Available data: Begin
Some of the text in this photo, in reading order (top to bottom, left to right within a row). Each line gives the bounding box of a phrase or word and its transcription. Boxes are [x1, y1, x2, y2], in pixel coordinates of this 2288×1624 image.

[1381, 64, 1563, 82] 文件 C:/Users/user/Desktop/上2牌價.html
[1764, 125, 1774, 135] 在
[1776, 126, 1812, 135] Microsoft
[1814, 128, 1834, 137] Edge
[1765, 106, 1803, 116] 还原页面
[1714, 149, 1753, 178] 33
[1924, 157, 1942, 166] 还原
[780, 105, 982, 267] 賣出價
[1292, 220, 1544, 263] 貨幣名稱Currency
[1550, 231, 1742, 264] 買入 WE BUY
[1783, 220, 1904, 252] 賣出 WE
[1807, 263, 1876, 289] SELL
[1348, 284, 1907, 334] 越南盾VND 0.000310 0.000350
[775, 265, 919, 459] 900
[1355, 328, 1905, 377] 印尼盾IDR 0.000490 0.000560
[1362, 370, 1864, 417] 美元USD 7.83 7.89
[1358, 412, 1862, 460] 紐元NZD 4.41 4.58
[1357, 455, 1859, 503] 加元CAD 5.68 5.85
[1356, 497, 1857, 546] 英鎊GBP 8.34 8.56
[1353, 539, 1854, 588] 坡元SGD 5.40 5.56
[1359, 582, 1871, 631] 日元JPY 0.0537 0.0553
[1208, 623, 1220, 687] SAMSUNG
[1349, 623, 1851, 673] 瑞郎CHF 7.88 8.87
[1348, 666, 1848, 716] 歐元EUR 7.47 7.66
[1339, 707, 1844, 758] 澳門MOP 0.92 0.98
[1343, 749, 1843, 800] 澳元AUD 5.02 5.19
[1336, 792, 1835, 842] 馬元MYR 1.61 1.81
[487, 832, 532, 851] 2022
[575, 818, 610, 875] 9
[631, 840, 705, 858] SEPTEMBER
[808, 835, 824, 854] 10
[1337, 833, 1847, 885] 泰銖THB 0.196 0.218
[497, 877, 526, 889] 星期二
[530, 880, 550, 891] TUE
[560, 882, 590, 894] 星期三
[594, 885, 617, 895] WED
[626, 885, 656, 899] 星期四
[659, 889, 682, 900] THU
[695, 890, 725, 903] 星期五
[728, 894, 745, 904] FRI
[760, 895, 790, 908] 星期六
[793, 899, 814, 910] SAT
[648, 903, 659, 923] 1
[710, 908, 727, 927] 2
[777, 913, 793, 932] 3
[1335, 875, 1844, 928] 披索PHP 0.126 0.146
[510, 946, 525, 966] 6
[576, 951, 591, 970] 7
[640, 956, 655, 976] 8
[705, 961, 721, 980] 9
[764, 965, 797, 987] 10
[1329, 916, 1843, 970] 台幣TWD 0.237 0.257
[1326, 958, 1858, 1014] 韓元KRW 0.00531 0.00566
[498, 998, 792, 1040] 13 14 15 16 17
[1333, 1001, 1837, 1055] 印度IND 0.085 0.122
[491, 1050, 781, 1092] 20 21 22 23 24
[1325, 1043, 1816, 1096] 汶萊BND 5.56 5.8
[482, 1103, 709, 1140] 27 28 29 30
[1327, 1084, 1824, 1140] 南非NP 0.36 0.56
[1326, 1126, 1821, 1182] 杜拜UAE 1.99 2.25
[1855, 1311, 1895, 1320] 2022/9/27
Available data: End
| Work request |
Quote all of the entries exactly as they appear.

| Result of this task |
Some of the text in this photo, in reading order (top to bottom, left to right within a row). Each line gives the bounding box of a phrase or word and its transcription. Boxes are [x1, y1, x2, y2], in pixel coordinates of this 2288×1624 image.

[1381, 64, 1563, 82] 文件 C:/Users/user/Desktop/上2牌價.html
[1764, 125, 1774, 135] 在
[1776, 126, 1812, 135] Microsoft
[1814, 128, 1834, 137] Edge
[1765, 106, 1803, 116] 还原页面
[1714, 149, 1753, 178] 33
[1924, 157, 1942, 166] 还原
[780, 105, 982, 267] 賣出價
[1292, 220, 1544, 263] 貨幣名稱Currency
[1550, 231, 1742, 264] 買入 WE BUY
[1783, 220, 1904, 252] 賣出 WE
[1807, 263, 1876, 289] SELL
[1348, 284, 1907, 334] 越南盾VND 0.000310 0.000350
[775, 265, 919, 459] 900
[1355, 328, 1905, 377] 印尼盾IDR 0.000490 0.000560
[1362, 370, 1864, 417] 美元USD 7.83 7.89
[1358, 412, 1862, 460] 紐元NZD 4.41 4.58
[1357, 455, 1859, 503] 加元CAD 5.68 5.85
[1356, 497, 1857, 546] 英鎊GBP 8.34 8.56
[1353, 539, 1854, 588] 坡元SGD 5.40 5.56
[1359, 582, 1871, 631] 日元JPY 0.0537 0.0553
[1208, 623, 1220, 687] SAMSUNG
[1349, 623, 1851, 673] 瑞郎CHF 7.88 8.87
[1348, 666, 1848, 716] 歐元EUR 7.47 7.66
[1339, 707, 1844, 758] 澳門MOP 0.92 0.98
[1343, 749, 1843, 800] 澳元AUD 5.02 5.19
[1336, 792, 1835, 842] 馬元MYR 1.61 1.81
[487, 832, 532, 851] 2022
[575, 818, 610, 875] 9
[631, 840, 705, 858] SEPTEMBER
[808, 835, 824, 854] 10
[1337, 833, 1847, 885] 泰銖THB 0.196 0.218
[497, 877, 526, 889] 星期二
[530, 880, 550, 891] TUE
[560, 882, 590, 894] 星期三
[594, 885, 617, 895] WED
[626, 885, 656, 899] 星期四
[659, 889, 682, 900] THU
[695, 890, 725, 903] 星期五
[728, 894, 745, 904] FRI
[760, 895, 790, 908] 星期六
[793, 899, 814, 910] SAT
[648, 903, 659, 923] 1
[710, 908, 727, 927] 2
[777, 913, 793, 932] 3
[1335, 875, 1844, 928] 披索PHP 0.126 0.146
[510, 946, 525, 966] 6
[576, 951, 591, 970] 7
[640, 956, 655, 976] 8
[705, 961, 721, 980] 9
[764, 965, 797, 987] 10
[1329, 916, 1843, 970] 台幣TWD 0.237 0.257
[1326, 958, 1858, 1014] 韓元KRW 0.00531 0.00566
[498, 998, 792, 1040] 13 14 15 16 17
[1333, 1001, 1837, 1055] 印度IND 0.085 0.122
[491, 1050, 781, 1092] 20 21 22 23 24
[1325, 1043, 1816, 1096] 汶萊BND 5.56 5.8
[482, 1103, 709, 1140] 27 28 29 30
[1327, 1084, 1824, 1140] 南非NP 0.36 0.56
[1326, 1126, 1821, 1182] 杜拜UAE 1.99 2.25
[1855, 1311, 1895, 1320] 2022/9/27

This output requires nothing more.